--- START ---

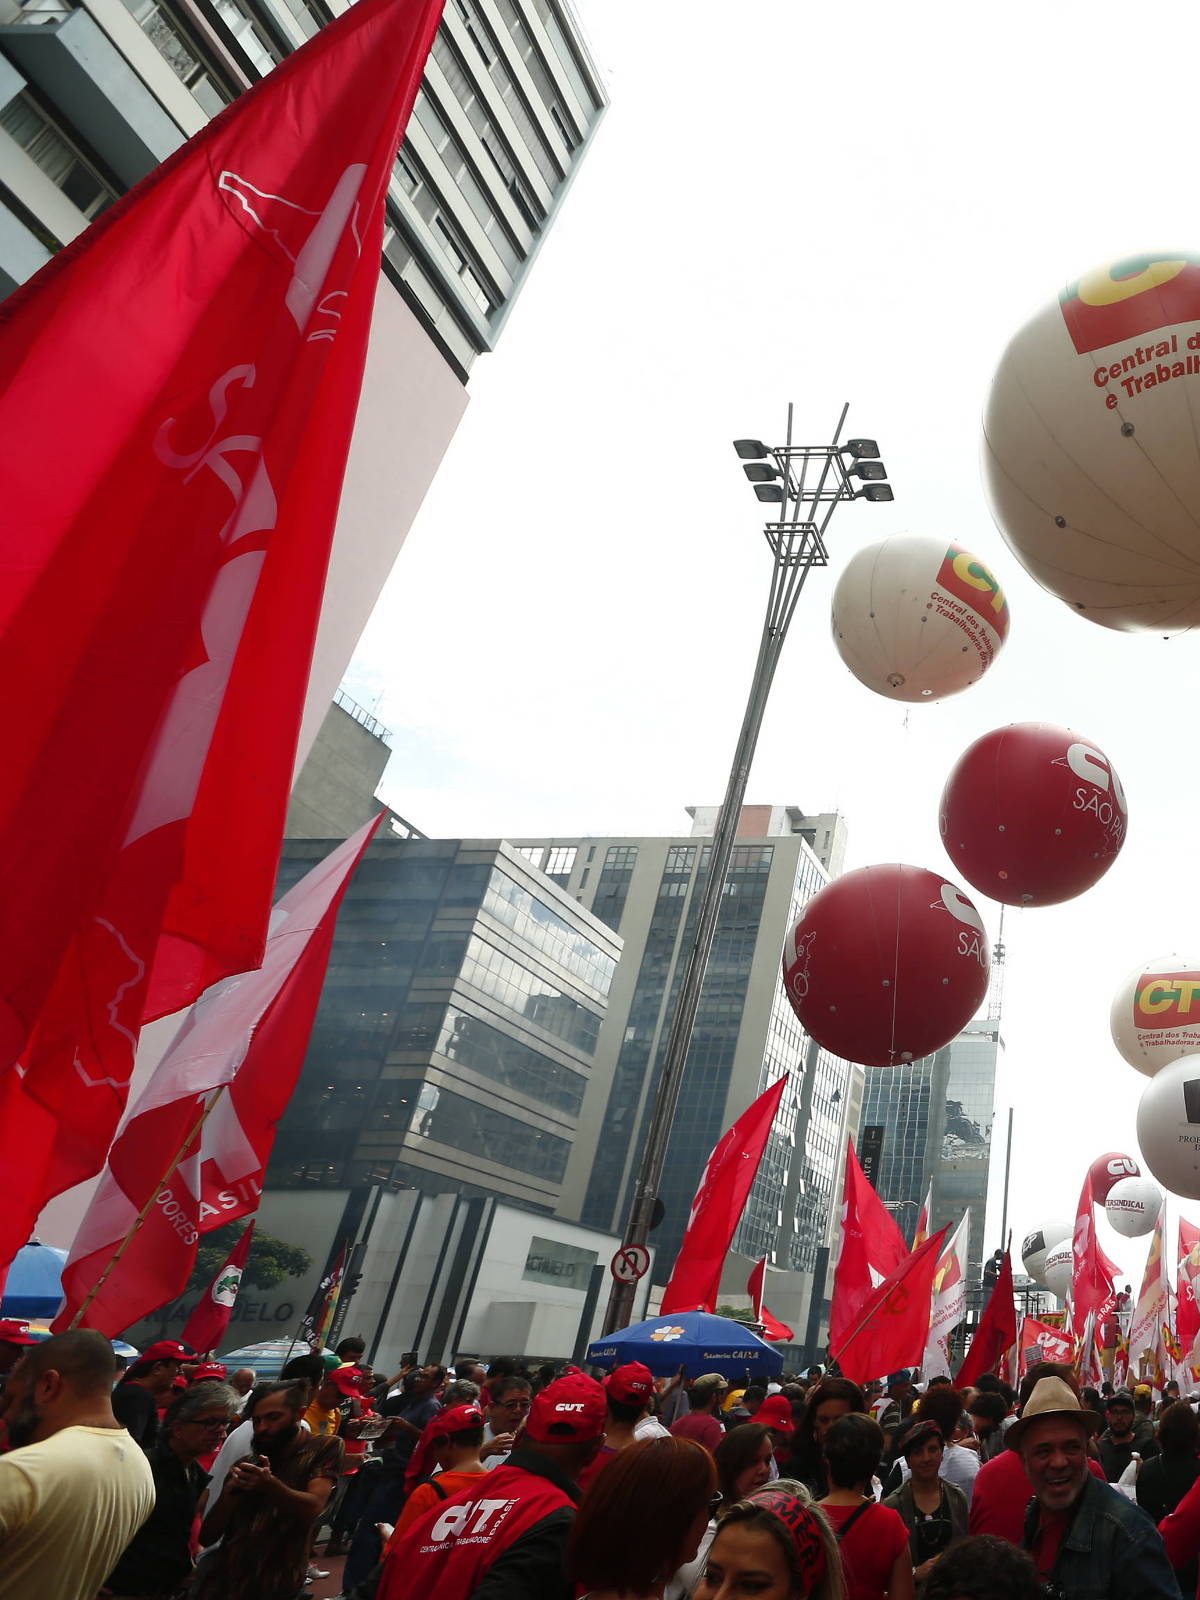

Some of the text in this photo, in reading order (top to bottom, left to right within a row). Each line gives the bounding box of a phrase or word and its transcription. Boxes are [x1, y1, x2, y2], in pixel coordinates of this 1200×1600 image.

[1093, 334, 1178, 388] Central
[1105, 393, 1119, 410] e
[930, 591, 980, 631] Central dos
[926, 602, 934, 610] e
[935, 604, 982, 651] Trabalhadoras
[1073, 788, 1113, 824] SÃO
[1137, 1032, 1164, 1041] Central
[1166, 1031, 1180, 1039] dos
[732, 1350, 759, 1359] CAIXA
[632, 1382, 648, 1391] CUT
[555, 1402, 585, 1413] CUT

--- END ---

> [What is needed]
Please give the data again in full, exactly as written, but without any images.

> [Written response]
Some of the text in this photo, in reading order (top to bottom, left to right within a row). Each line gives the bounding box of a phrase or word and its transcription. Boxes are [x1, y1, x2, y2], in pixel coordinates of this 1200×1600 image.

[1093, 334, 1178, 388] Central
[1105, 393, 1119, 410] e
[930, 591, 980, 631] Central dos
[926, 602, 934, 610] e
[935, 604, 982, 651] Trabalhadoras
[1073, 788, 1113, 824] SÃO
[1137, 1032, 1164, 1041] Central
[1166, 1031, 1180, 1039] dos
[732, 1350, 759, 1359] CAIXA
[632, 1382, 648, 1391] CUT
[555, 1402, 585, 1413] CUT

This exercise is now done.